Tangled Bank

Tangled Bank No. 77 is up at Aetiology, with its usual selection of blog-posts on biology in general. That includes Andy Jarvis’ piece on climate change here, and also news that chimpanzees may have been using tools — stones to crack nuts — for more than 4000 years. That doesn’t quite make them proto-hunter gatherers, but it is somewhat mind-blowing that the scientists were able to identify a bunch of stones as tools.

Gardens of Agricultural Biodiversity

From the Sarawak Biodiversity Centre, news of the ethnobotany garden. Dr Francis Ng reports that the half-hectare garden, which he designed, is flourishing, and that eventually he hopes to have more than 500 species — including Musa lokok, a previously unknown banana species — used by the local people on hand to study. The garden is close to the Orang Utan Centre at Semengok and has already been visited by schoolchildren. Eventually, Dr Ng says, tourists will be able to visit. Gardens of useful plants strike me as an excellent way to promote the virtues of agricultural biodiversity in a local context. I know of a couple, at Nabk in Syria and the Potato Park near Cusco, Peru, but there must be others.

Transgenic salmon

One of the major concerns about transgenic plants and animals has always been that they could escape and that transgenes could then spread into wild populations with mostly unforeseeable consequences. ((Contribution by Michael Kubisch)) For most farmed animal species, cattle, goats or sheep for example, this is not much of a problem because there are no true wild populations with which escapees could hybridize. However, farmed fish, such as salmon or catfish, do have wild relatives, reproduce relatively fast and farmed fish do occasionally escape into the wild, even in large numbers. This has led to a number of estimates and models of what impact such transgenic escapees might have on resident fish populations or on their prey species.

A recent article tells a cautionary tale about the value of such predictions by demonstrating that advantages which transgenic animals have “down on the farm”, such as a faster growth rate if they carry extra copies of the growth hormone (GH) gene, may in fact be less obvious  in the wild. The article describes a study in which GH-transgenic and wild-caught coho salmon were compared in either a conventional hatchery or a simulated natural environment. Under hatchery conditions, in which fish were fed a commercially available diet, the transgenic salmon grew to nearly three times the size of their wild cousins. However, in the natural environment, in which fish were exclusively fed natural food items, transgenics had only a 20% weight advantage. When the salmon were introduced to prey species, in this case trout fry, the impact of transgenic animals on their prey was reflective of their environment and size and the impact of transgenics on prey was much reduced.

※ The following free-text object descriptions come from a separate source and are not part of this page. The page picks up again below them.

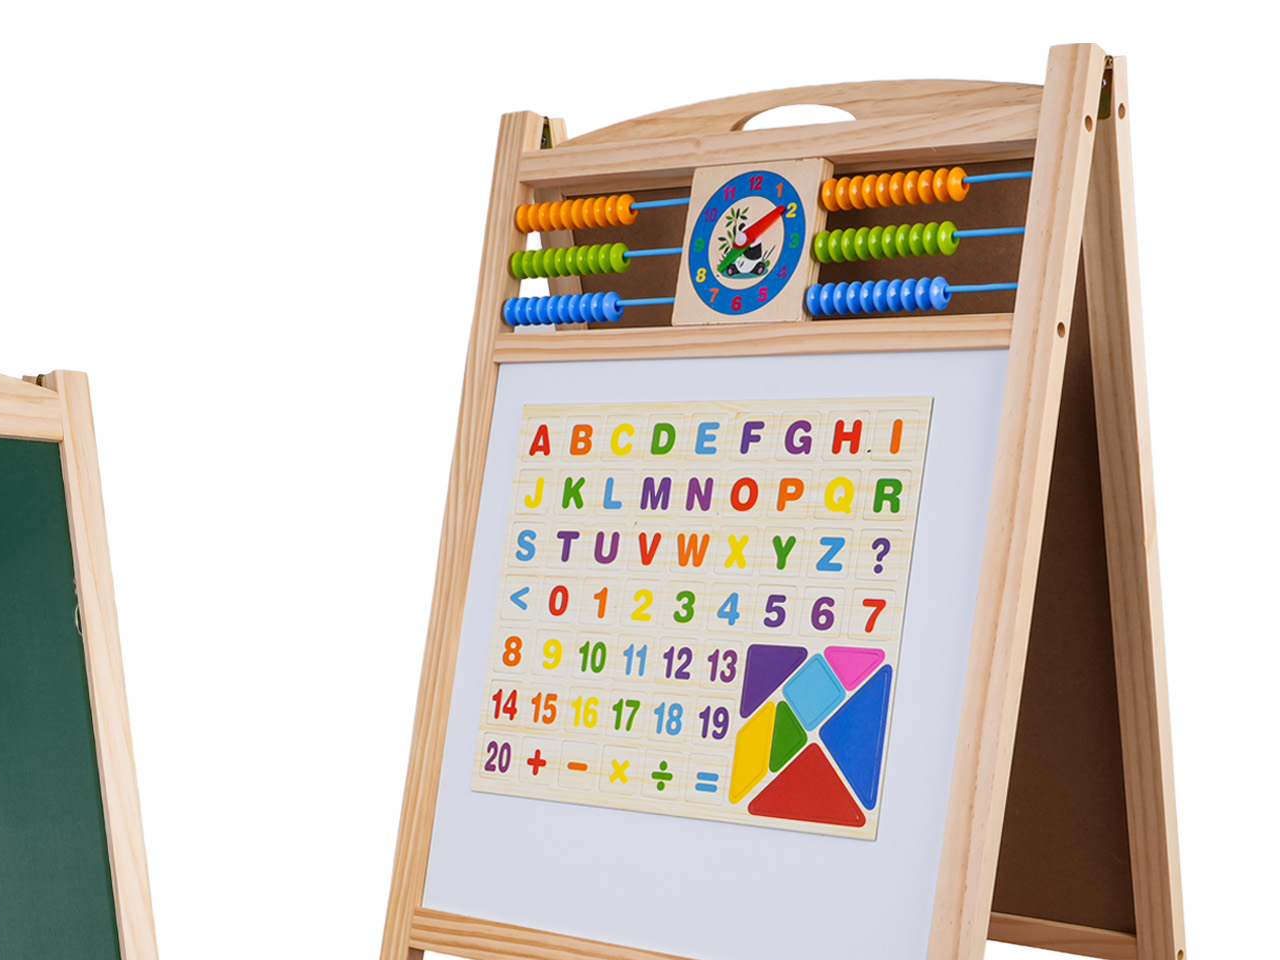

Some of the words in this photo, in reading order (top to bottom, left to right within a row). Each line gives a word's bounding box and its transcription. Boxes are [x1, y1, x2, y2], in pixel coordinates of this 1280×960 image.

[749, 175, 763, 190] 12
[724, 186, 736, 200] 11
[776, 183, 783, 197] 1
[704, 208, 717, 222] 10
[786, 203, 797, 218] 2
[694, 238, 704, 252] 9
[789, 234, 800, 248] 3
[696, 268, 706, 282] 8
[777, 265, 787, 279] 4
[710, 288, 719, 302] 7
[758, 287, 768, 301] 5
[731, 296, 742, 310] 6
[529, 425, 551, 456] A
[570, 425, 592, 456] B
[609, 423, 635, 456] C
[650, 423, 676, 454] D
[695, 422, 720, 454] E
[740, 421, 765, 454] F
[784, 420, 812, 454] G
[832, 420, 861, 454] H
[889, 419, 903, 454] I
[524, 477, 545, 508] J
[562, 477, 585, 509] K
[603, 477, 622, 510] L
[640, 478, 671, 510] M
[685, 477, 713, 510] N
[730, 477, 758, 510] O
[777, 478, 804, 510] P
[824, 477, 855, 513] Q
[873, 479, 903, 513] R
[516, 530, 536, 561] S
[557, 531, 579, 562] T
[594, 532, 620, 564] U
[638, 533, 661, 566] V
[677, 534, 710, 566] W
[724, 535, 748, 568] X
[772, 536, 796, 570] Y
[816, 537, 845, 571] Z
[871, 538, 890, 573] ?
[548, 586, 569, 616] 0
[594, 588, 608, 618] 1
[631, 589, 653, 620] 2
[674, 591, 695, 622] 3
[717, 593, 740, 625] 4
[763, 594, 786, 627] 5
[811, 597, 834, 630] 6
[862, 599, 886, 632] 7
[502, 637, 522, 666] 8
[542, 639, 562, 669] 9
[579, 642, 607, 672] 10
[623, 644, 648, 676] 11
[663, 647, 693, 680] 12
[708, 649, 738, 682] 13
[492, 690, 518, 720] 14
[531, 693, 557, 724] 15
[571, 696, 598, 727] 16
[612, 700, 641, 731] 17
[654, 703, 682, 734] 18
[699, 706, 729, 739] 19
[484, 742, 511, 773] 20
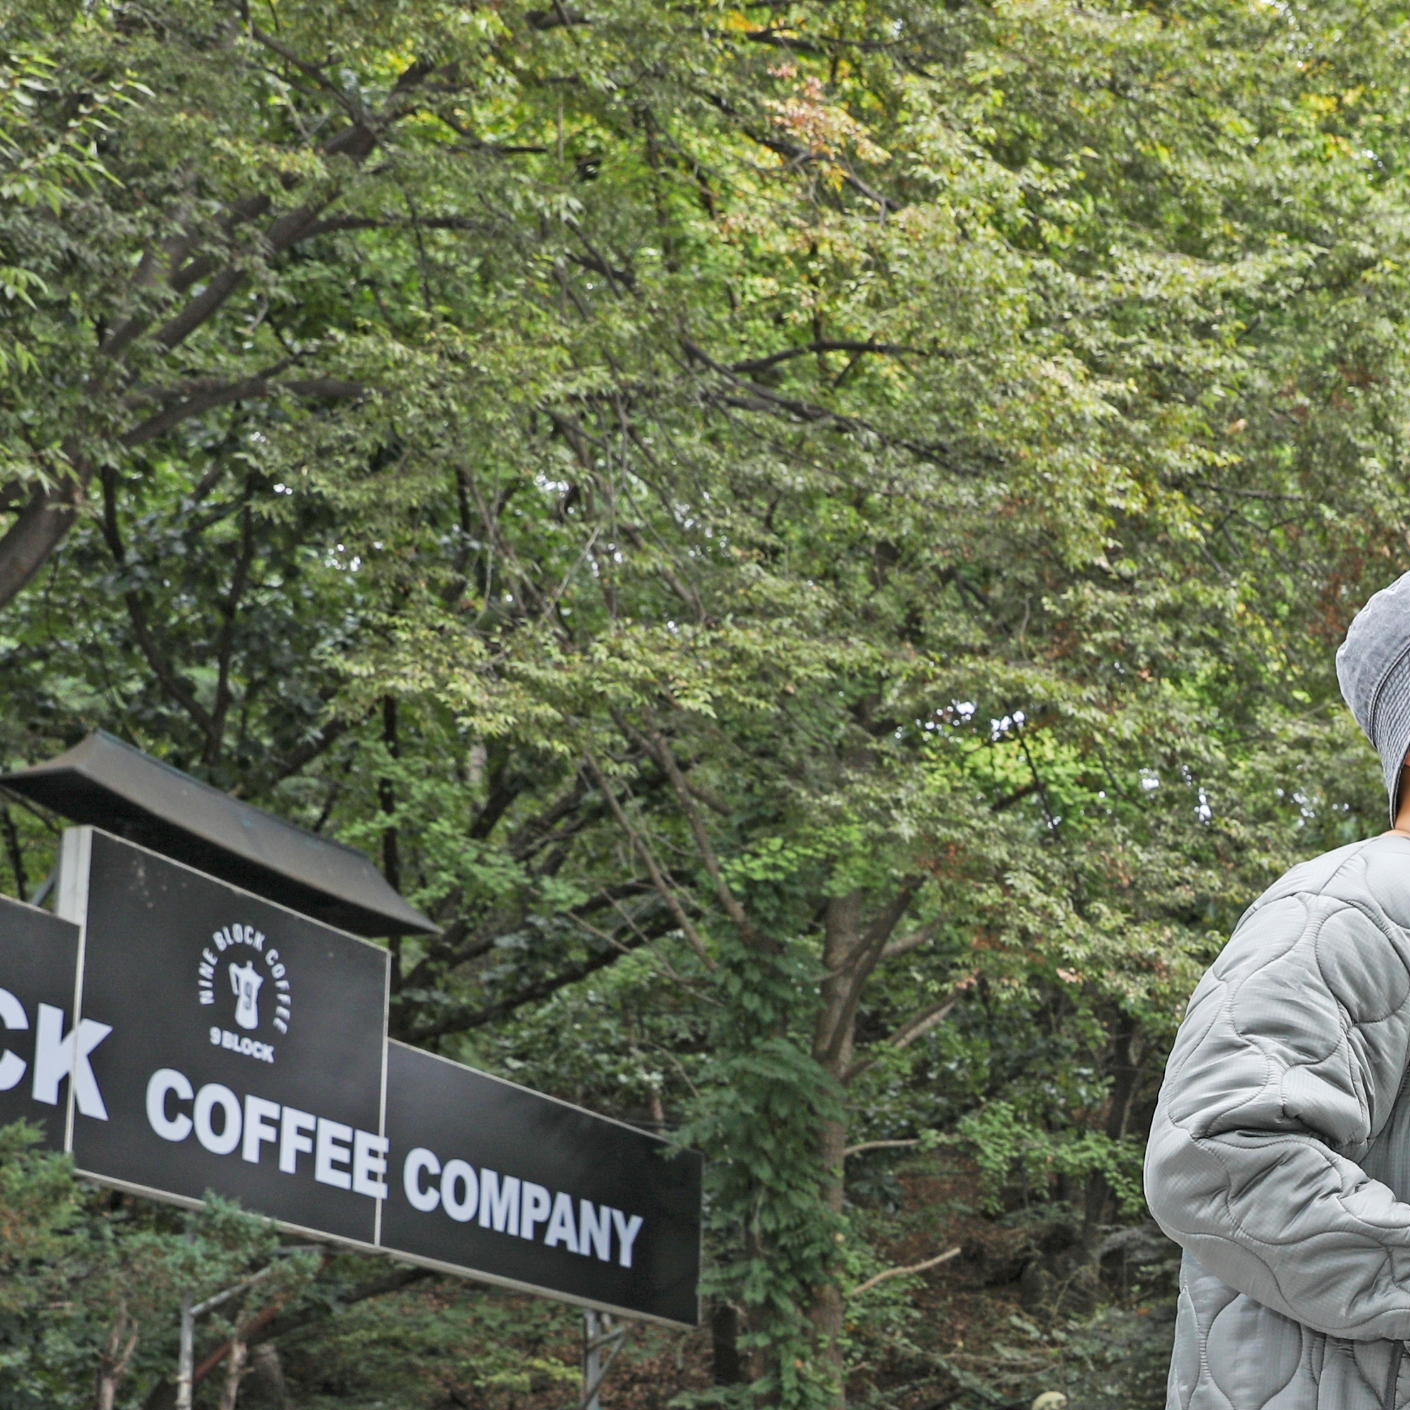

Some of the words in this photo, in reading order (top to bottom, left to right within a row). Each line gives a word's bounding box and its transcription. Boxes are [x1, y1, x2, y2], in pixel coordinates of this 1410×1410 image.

[198, 947, 219, 1005] NINE
[212, 923, 266, 952] BLOCK
[145, 1068, 389, 1200] COFFEE
[403, 1147, 643, 1269] COMPANY
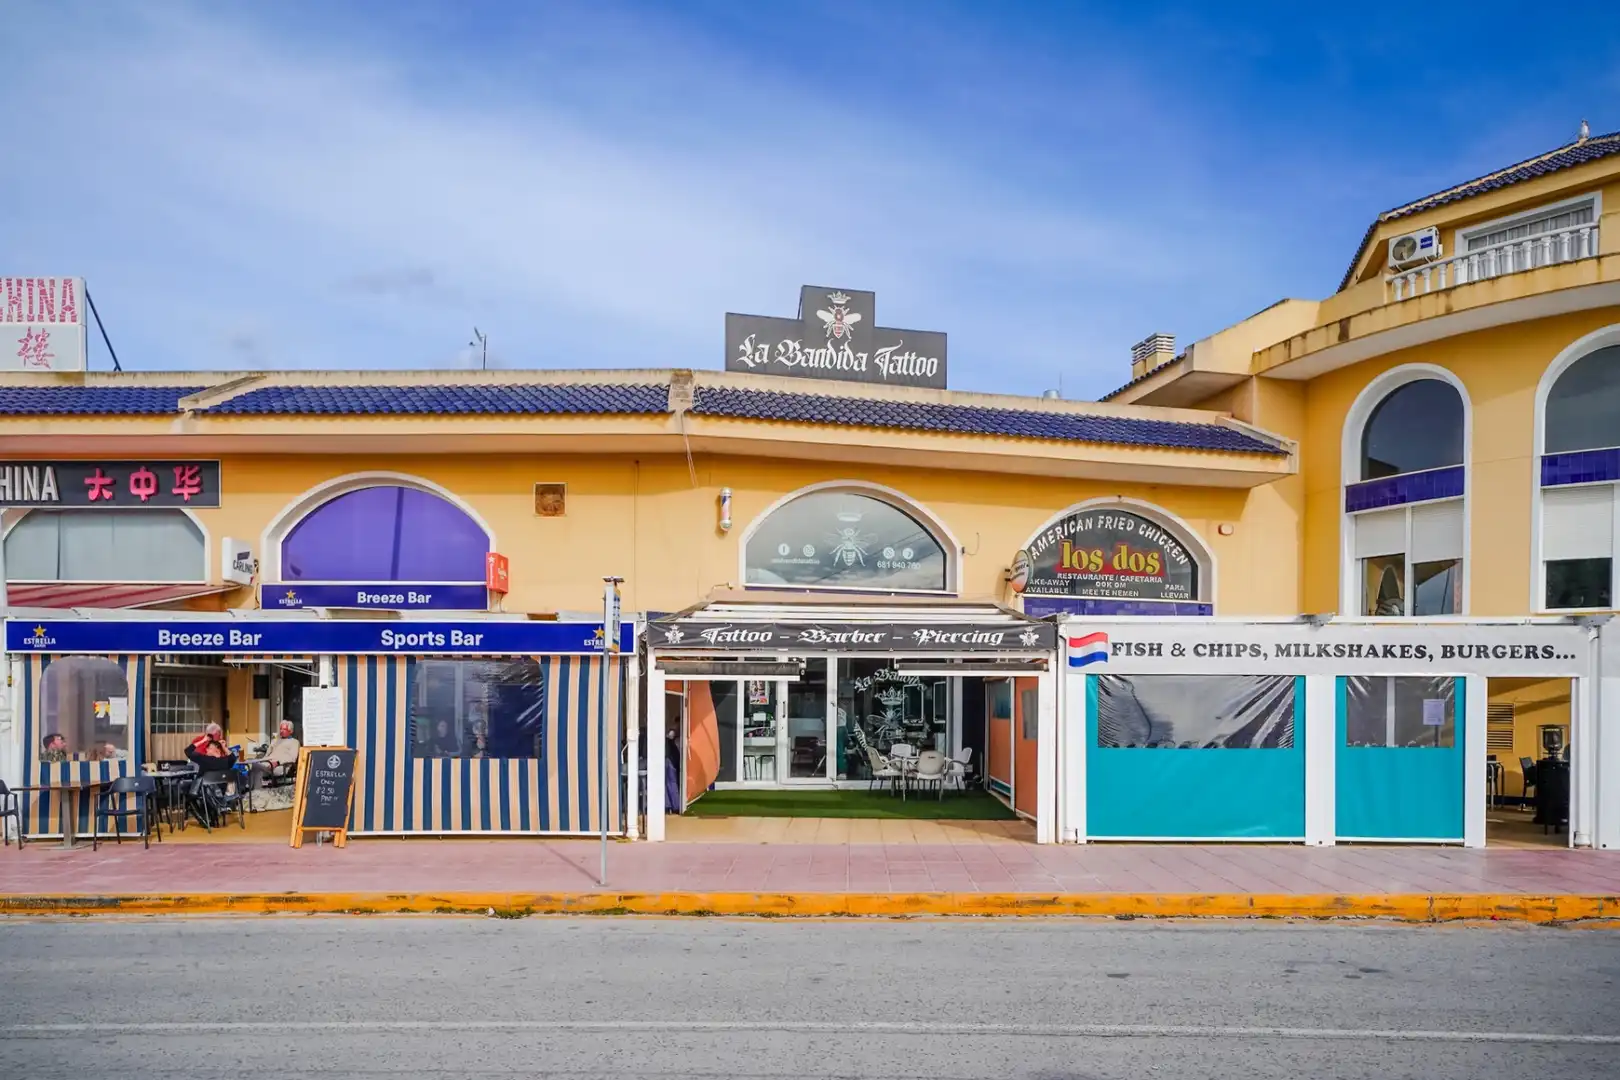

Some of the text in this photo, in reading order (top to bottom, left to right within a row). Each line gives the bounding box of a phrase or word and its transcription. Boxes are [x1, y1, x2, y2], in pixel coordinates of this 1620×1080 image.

[0, 278, 77, 322] HINA
[736, 334, 938, 380] La Bandida Tattoo
[0, 466, 59, 501] HINA
[84, 466, 201, 501] 大中华
[1031, 515, 1189, 565] AMERICAN FRIED CHICKEN
[1060, 540, 1161, 575] los dos
[232, 560, 253, 575] CARLING
[1029, 578, 1070, 587] AKE-AWAY
[1057, 572, 1114, 581] RESTAURANTE
[1120, 574, 1163, 584] CAFETARIA
[1025, 586, 1069, 595] AVAILABLE
[1082, 588, 1139, 598] MEE TE NEMEN
[1160, 591, 1189, 600] LLEVAR
[1164, 583, 1185, 592] PARA
[357, 591, 432, 604] Breeze Bar
[23, 637, 56, 645] ESTRELLA
[158, 629, 262, 646] Breeze Bar
[381, 629, 483, 649] Sports Bar
[700, 624, 773, 646] Tattoo
[796, 624, 887, 645] Barber
[911, 628, 1004, 646] Piercing
[1111, 642, 1576, 662] FISH & CHIPS, MILKSHAKES, BURGERS...
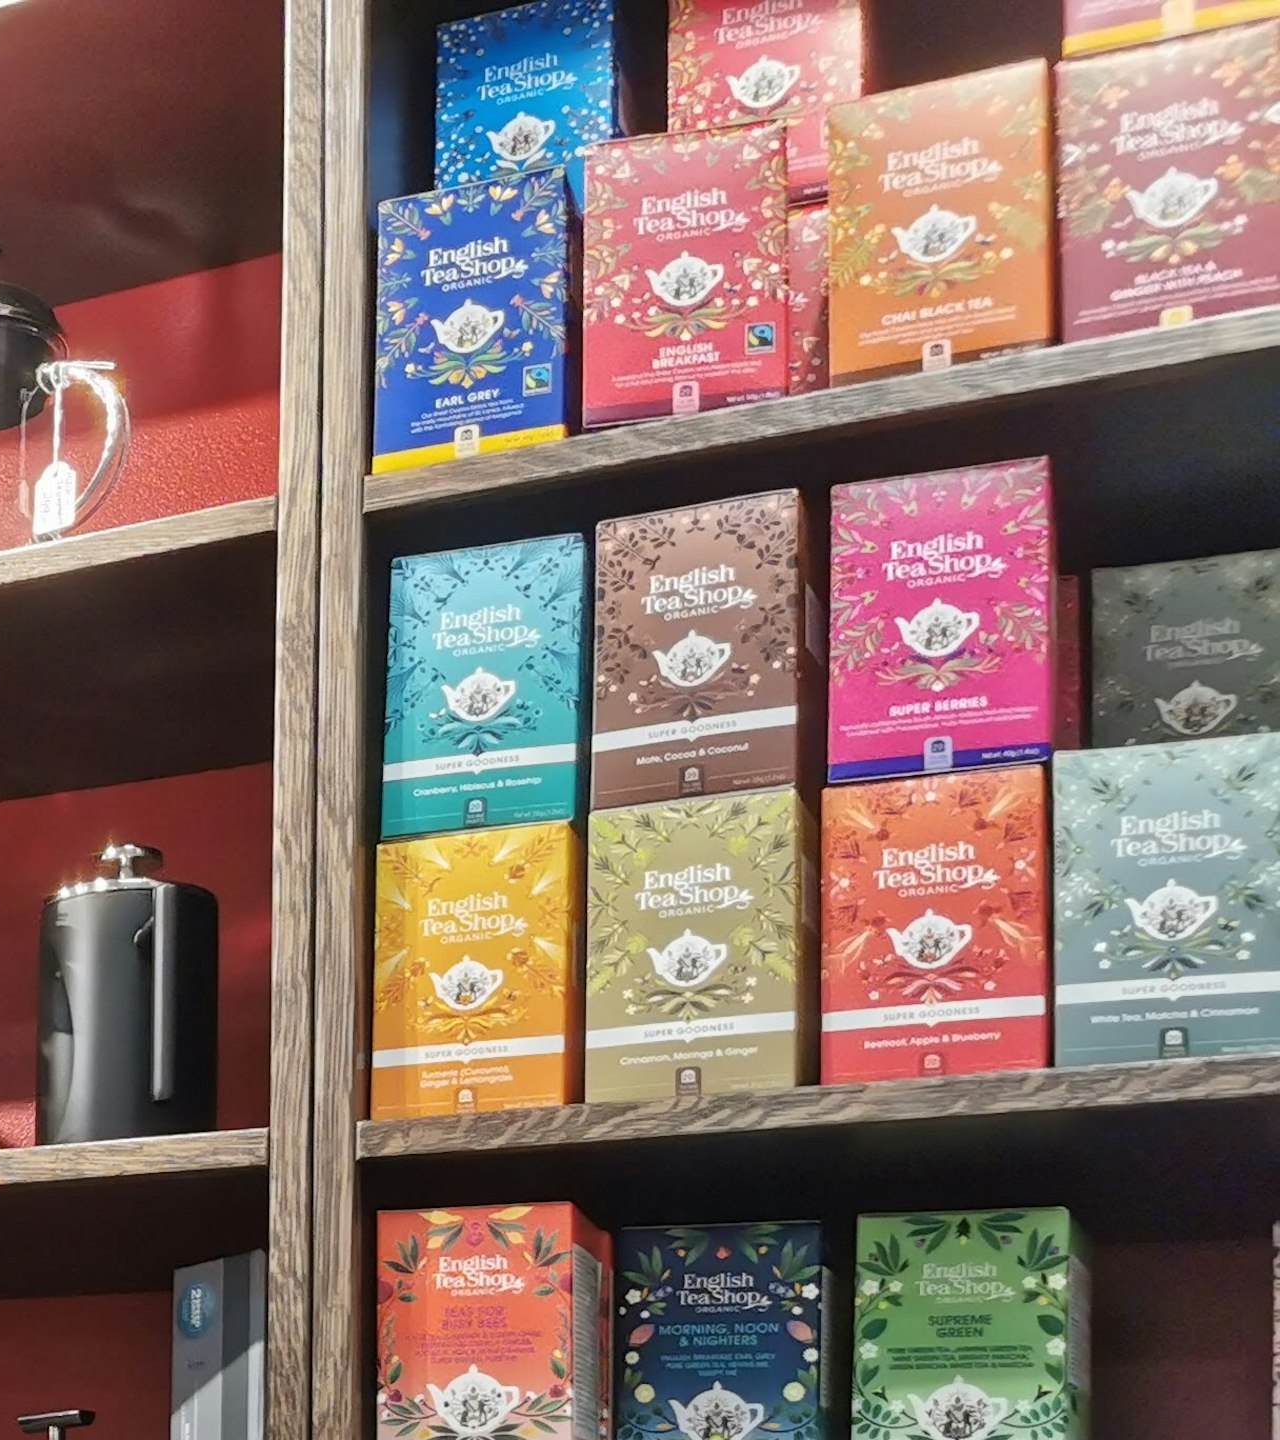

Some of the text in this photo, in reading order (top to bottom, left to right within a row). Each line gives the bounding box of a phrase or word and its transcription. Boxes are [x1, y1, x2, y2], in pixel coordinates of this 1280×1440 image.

While this says relatively little about the actual impact of transgenic escapees on resident fish populations, it does show that accurate predictions may be much harder to come by than previously assumed.

Indian potato chips

Indian potato growers are turning to a new, low-sugar variety of potato because it is better for making chips (crisps if you’re British), for which there is rapidly increasing demand. Would be interesting to monitor the effect on “local” varieties, no?

Sweet smelling durian

Dr Songpol Somsri from Thailand has done a lot of crossing of wild species of durian to come up with one that doesn’t smell like decomposing cats. There should be more recognition for this sort of achievement: it has a greater potential to add to the sum total of human happiness than any number of Nobel Prizes for economics, say.